Exactly as written, output each of the lines below, with no images.
== Dataset extract
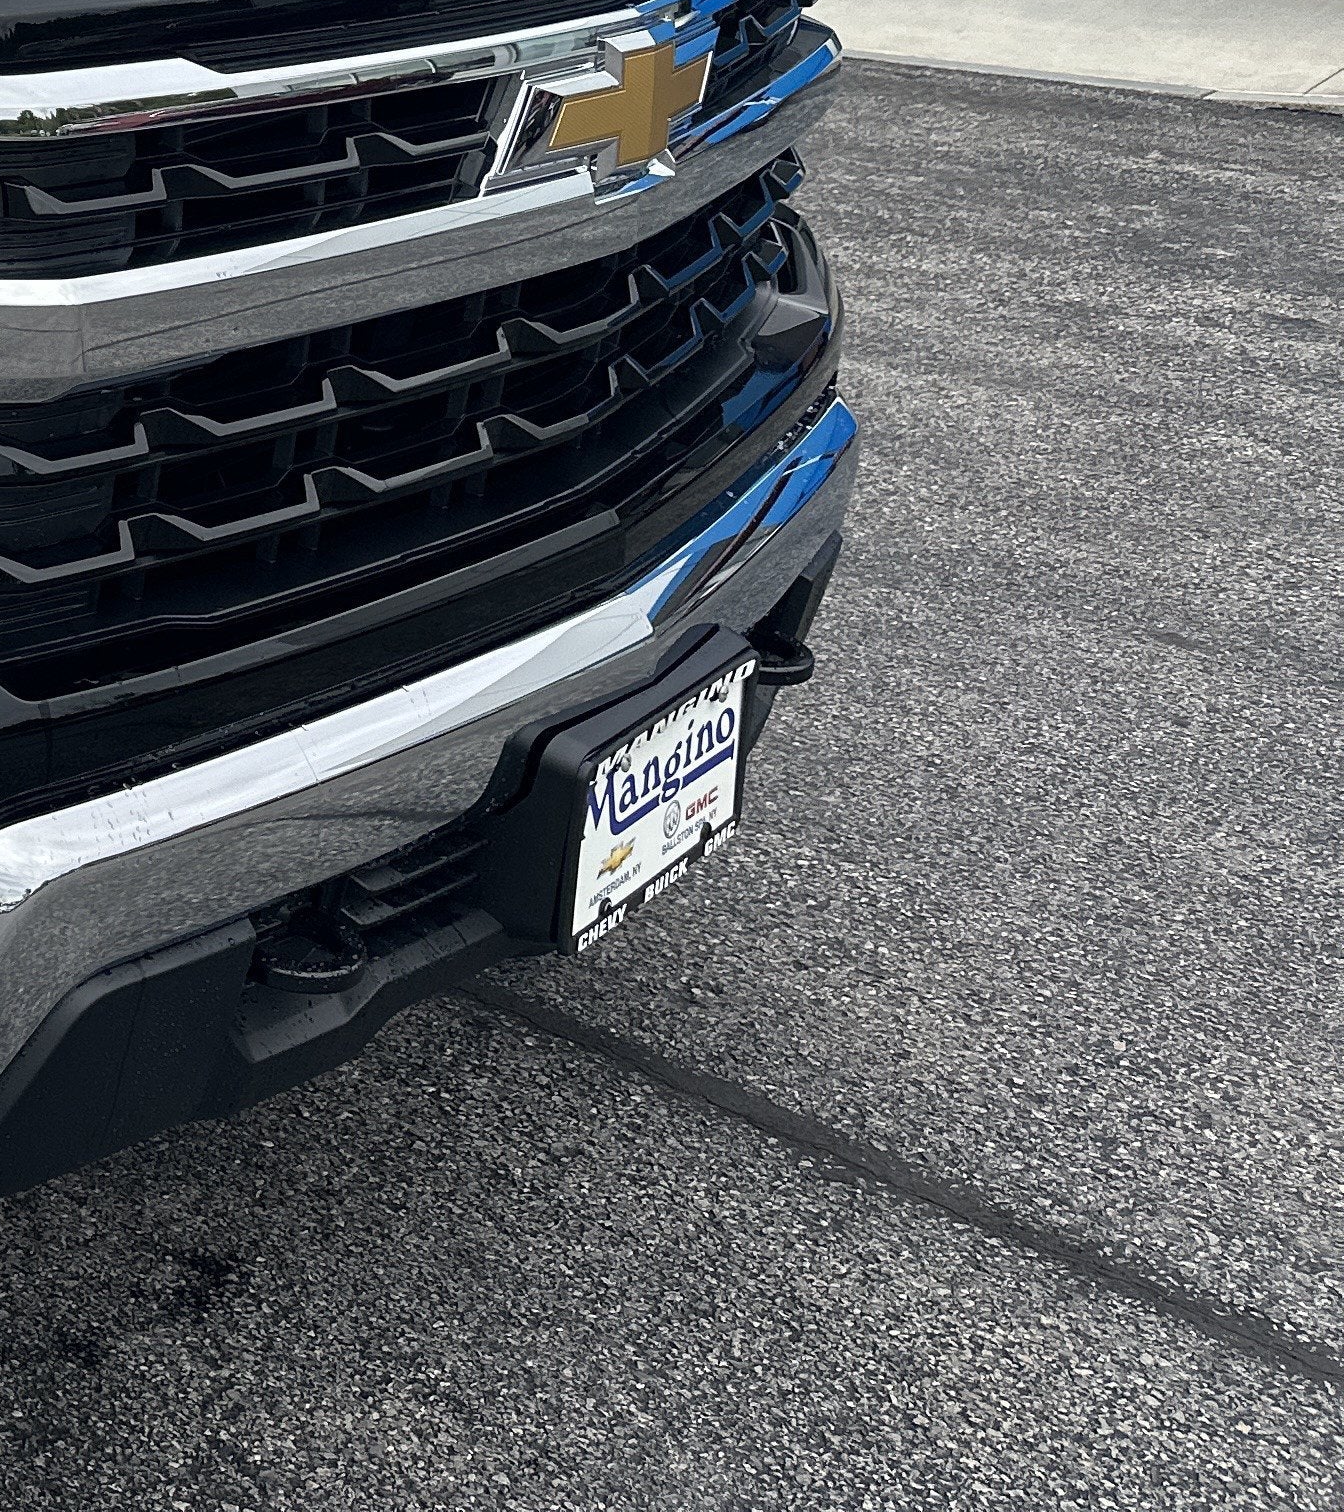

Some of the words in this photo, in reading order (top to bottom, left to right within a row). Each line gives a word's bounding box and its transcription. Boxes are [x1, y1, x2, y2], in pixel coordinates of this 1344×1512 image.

[587, 707, 735, 833] Mangino
[685, 785, 719, 820] GMC
[661, 824, 694, 856] BALLSTON
[577, 903, 628, 952] CHEVY
[643, 857, 690, 904] BUICK
[704, 820, 737, 857] GMC
====
> **Response area**
Some of the words in this photo, in reading order (top to bottom, left to right within a row). Each line gives a word's bounding box and its transcription. Boxes are [x1, y1, x2, y2], in pixel coordinates of this 1344×1512 image.

[587, 707, 735, 833] Mangino
[685, 785, 719, 820] GMC
[661, 824, 694, 856] BALLSTON
[577, 903, 628, 952] CHEVY
[643, 857, 690, 904] BUICK
[704, 820, 737, 857] GMC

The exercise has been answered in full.